Despite summer high temperatures, breaking several ribs in a fall, suffering from cholera and also becoming depressed at the carnage he witnessed at Sebastopol, in all Fenton managed to make over 350 usable large format negatives. An exhibition of 312 prints was soon on show in London and at various places across the nation in the months that followed. Fenton also showed them to Queen Victoria and Prince Albert and also to Emperor Napoleon III in Paris. Nevertheless, sales were not as good as expected.

Roger Fenton

Undaunted by the lack of commercial success for his Crimean photographs, Fenton remained driven with great energy to perfect his art and to record meaningful and artistic images. He travelled widely over Britain to record landscapes and still life images, but as time moved on, photography was becoming more accessible. Many, with sufficient knowledge and also the hunger to develop business, sought to profit from selling quick portraits to common people.

In 1862 the organizing committee for the International Exhibition in London announced its plans to place photography, not with the other fine arts as had been done in the exhibition five years earlier, but in the section reserved for machinery, tools and instruments - photography was considered a craft, for tradesmen. For Fenton and many of his colleagues, this was conclusive proof of photography's diminished status. In 1863 he sold his equipment and returned to the law as a barrister on the Northern Circuit.

Roger Fenton, by Hugh Welch Diamond, photogalvanograph, 1868 (National Portrait Gallery)
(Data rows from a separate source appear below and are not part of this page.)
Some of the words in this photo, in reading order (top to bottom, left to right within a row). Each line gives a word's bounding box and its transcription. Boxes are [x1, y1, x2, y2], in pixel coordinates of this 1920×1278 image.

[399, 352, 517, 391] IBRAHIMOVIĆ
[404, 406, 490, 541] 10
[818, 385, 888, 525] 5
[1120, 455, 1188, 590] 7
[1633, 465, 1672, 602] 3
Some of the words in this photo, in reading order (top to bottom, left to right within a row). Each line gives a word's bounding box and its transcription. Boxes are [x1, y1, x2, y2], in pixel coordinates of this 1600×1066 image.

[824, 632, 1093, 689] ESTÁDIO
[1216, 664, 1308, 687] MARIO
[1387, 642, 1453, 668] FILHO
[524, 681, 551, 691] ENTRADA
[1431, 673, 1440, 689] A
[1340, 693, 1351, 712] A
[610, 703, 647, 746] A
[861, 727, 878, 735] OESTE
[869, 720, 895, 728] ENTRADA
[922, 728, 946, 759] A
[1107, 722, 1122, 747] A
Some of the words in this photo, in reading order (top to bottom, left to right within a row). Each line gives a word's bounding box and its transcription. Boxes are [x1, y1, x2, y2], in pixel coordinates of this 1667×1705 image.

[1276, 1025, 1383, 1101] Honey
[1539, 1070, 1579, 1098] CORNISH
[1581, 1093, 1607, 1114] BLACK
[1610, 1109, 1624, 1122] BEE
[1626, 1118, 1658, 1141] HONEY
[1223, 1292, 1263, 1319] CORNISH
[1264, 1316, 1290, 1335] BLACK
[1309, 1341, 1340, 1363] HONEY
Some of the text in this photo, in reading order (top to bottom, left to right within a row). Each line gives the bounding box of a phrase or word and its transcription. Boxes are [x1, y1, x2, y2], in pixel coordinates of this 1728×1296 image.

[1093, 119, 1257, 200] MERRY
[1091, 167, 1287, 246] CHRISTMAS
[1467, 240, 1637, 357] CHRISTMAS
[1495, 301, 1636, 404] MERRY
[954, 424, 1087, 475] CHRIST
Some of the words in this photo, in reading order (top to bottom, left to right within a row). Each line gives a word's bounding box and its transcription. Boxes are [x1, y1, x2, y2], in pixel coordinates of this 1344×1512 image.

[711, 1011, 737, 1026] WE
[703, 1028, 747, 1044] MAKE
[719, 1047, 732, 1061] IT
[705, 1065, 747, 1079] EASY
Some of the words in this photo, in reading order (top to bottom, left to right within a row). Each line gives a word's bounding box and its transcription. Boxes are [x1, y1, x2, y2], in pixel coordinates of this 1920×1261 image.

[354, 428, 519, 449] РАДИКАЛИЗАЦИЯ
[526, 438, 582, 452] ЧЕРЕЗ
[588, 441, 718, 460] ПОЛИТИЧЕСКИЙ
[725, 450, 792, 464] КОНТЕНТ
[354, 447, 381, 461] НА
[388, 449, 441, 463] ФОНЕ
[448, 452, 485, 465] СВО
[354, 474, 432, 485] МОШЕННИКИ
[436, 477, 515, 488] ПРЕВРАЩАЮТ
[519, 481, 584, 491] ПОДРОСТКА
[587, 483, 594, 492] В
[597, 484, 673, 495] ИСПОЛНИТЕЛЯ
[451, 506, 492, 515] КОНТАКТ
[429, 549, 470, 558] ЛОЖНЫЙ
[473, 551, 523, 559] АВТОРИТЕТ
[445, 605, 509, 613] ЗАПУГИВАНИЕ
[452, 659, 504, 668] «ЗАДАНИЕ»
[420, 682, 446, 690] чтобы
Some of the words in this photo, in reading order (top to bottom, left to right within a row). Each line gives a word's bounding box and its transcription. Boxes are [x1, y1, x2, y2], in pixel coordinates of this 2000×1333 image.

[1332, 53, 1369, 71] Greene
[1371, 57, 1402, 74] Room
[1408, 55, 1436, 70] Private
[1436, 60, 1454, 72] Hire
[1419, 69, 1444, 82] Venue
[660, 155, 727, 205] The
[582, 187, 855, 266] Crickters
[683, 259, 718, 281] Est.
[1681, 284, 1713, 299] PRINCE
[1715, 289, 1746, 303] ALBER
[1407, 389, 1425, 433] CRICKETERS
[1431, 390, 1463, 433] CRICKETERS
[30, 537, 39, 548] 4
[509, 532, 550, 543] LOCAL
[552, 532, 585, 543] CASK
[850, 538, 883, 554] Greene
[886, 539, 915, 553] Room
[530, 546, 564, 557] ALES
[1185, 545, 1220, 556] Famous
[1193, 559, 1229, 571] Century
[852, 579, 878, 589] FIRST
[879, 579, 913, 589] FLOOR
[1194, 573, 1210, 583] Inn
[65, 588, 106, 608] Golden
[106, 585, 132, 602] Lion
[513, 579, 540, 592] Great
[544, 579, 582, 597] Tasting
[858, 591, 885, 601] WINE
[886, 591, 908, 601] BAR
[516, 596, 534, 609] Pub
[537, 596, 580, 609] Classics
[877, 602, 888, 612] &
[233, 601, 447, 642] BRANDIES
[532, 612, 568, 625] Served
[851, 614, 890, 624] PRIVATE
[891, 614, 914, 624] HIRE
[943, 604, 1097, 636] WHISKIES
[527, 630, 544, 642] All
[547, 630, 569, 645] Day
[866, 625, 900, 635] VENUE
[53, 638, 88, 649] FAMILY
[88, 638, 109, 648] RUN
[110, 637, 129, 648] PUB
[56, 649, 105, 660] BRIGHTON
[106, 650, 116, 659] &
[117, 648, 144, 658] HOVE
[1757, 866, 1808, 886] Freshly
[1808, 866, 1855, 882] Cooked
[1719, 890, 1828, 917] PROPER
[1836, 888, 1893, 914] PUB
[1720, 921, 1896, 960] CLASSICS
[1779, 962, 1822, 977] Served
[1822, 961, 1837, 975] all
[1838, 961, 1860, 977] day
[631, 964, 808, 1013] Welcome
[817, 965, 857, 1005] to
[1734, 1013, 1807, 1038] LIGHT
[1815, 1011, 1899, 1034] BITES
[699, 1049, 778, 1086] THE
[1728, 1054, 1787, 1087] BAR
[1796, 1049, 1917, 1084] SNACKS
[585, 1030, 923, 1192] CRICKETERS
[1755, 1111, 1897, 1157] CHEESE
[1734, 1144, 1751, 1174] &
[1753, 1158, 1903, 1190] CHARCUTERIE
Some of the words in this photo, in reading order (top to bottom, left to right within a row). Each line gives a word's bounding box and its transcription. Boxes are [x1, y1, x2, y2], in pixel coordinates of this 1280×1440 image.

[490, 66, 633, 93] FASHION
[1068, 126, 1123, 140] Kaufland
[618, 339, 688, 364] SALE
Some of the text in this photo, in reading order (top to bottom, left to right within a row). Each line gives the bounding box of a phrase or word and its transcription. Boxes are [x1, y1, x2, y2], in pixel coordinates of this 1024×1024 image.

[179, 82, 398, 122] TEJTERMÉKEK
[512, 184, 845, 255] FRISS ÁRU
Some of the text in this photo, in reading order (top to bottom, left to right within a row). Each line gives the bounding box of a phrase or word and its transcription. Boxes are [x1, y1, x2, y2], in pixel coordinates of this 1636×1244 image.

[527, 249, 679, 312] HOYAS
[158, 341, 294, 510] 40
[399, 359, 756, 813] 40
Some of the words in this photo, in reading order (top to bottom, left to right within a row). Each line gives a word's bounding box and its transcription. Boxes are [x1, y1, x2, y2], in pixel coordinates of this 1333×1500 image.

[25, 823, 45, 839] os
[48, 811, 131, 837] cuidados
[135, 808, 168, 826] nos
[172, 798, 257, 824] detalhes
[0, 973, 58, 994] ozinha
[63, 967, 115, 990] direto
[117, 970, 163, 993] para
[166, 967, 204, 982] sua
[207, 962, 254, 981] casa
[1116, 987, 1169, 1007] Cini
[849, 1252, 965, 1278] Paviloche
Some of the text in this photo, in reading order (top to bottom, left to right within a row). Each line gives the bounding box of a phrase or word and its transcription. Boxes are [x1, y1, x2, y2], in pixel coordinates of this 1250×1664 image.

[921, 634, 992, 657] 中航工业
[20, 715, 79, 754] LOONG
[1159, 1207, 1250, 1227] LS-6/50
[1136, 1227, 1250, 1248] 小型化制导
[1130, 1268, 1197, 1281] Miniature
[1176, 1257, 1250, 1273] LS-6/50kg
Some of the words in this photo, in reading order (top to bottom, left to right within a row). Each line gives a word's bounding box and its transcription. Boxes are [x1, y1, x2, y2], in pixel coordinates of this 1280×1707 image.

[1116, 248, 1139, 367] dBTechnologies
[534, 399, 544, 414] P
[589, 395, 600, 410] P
He died 8 August 1869 at his home in Potter's Bar, Hertfordshire after a week-long illness - he was only 50 yrs old. His wife died in 1886. Their graves were destroyed in 1969 when the Potter's Bar church where they were buried was deconsecrated and demolished (source: Wikipedia).

next episode: Granada

4 comments:

  1. Very interesting, he fitted a lot in to his (to us) relatively short life.
    I hate reading where churches and ground have been demolished and graves destroyed, turned into car parks or whatever.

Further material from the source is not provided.